Cinquante-cinq ans après l’exposition Poulet 20 NF, la Galerie kreo expose à nouveau un ensemble conséquent de « Charges-objets », permettant d’en souligner toute l’importance historique. Conçus au mitan des années 1960, envisageables comme une réponse critique aux promesses des Trente Glorieuses comme aux expressions artistiques qui les accompagnèrent, les « Charges-objets » constituent en effet un jalon marquant, paradoxalement méconnu, de l’histoire de l’art contemporain français et international.
Ils démontrent la voie toute singulière qu’a choisie Jean-Michel Sanejouand dans sa mise en scène de l’objet : au-delà du readymade de Marcel Duchamp – aucune sacralisation muséale n’est à l’œuvre –, divergente du coq-à-l’âne des Surréalistes – aucun fantasme ne s’y révèle –, plus décapante que celle des Nouveaux Réalistes – aucune fascination ne s’y exprime.

Que sont alors ces « Charges-objets » créés entre 1962 et 1967 ? Les réponses sont nombreuses, tant leur pertinence réside dans leur caractère multiple et ouvert, tant leurs types et modes d’assemblages comme les objets utilisés sont variés et diversement combinés entre eux.
En voici quelques définitions, complémentaires les unes des autres : des associations subjectives de fétiches domestiques immiscés dans la sphère artistique.

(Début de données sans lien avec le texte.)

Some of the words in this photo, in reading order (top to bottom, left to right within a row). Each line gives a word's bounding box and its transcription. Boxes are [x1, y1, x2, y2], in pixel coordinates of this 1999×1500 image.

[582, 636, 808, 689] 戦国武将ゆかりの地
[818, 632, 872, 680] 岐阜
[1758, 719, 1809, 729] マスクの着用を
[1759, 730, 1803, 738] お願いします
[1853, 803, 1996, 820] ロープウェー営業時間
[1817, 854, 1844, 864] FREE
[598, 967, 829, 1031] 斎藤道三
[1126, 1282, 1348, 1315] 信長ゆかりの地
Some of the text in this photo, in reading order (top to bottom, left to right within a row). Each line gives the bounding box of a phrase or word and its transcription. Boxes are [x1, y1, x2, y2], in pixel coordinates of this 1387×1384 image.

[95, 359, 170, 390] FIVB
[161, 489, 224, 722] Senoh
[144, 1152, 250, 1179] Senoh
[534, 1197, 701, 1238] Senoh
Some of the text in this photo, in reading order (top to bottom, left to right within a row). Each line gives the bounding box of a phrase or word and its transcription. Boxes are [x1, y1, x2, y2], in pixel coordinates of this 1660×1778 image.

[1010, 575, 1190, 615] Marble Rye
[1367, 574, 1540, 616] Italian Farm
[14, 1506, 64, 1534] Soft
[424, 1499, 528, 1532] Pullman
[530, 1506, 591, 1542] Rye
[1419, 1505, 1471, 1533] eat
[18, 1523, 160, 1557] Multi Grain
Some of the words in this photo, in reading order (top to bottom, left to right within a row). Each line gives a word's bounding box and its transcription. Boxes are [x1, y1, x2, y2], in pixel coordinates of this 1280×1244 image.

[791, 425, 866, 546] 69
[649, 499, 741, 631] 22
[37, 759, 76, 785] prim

Des instruments pour émanciper le regard et perturber nos rapports aux objets – qu’il s’agisse de produits manufacturés utilisés tels quels (tables à repasser, grillages métalliques, linoléum) ou d’anciennes peintures abstraites redéployées sans affectation. Des aphorismes cinglants sur le « système des objets » décrit par Jean Baudrillard en 1968. Une série d’œuvres dont le titre sonne comme une mise en garde, dont chaque œuvre constitue un portrait à charge de la modernité industrielle, artistique et économique de la France du Général de Gaulle. Des preuves de l’indéniable talent de coloriste de l’artiste. Des exercices d’ironie envers le statut de l’œuvre d’art, les mouvements artistiques de l’Après-guerre et la sacro-sainte forme tableau (13Voir dans les « Charges-objets » des portraits à charge de leur époque permet d’anticiper les Calligraphies d’humeur et leur dimension caricaturale.). Une réponse française aux « Specific Objects » de Donald Judd et l’anticipation, par le biais de tableaux-objets sans arrogance, des exercices à venir de Supports/Surfaces. Enfin, et bien sûr, une manière d’examiner l’organisation de l’espace et les relations entre les choses : « les “Charges-objets”, c’est-à-dire ces mises en rapport de toiles de bâche à rayures, de grillages, de bandes de linoleum imprimé, etc., répondaient à un besoin soudain urgent d’expérimenter l’espace concret et à un désir violent de provoquer cet espace », se souvient Jean-Michel Sanejouand en 1986. Voici bien l’une de ses grandes préoccupations pendant ses cinquante années de création, comme l’illustre son fascinant Jeu de topo (1963) dont l’issue de chaque partie est déterminée par l’accord des deux joueurs sur la meilleure disposition possible des cailloux-pions.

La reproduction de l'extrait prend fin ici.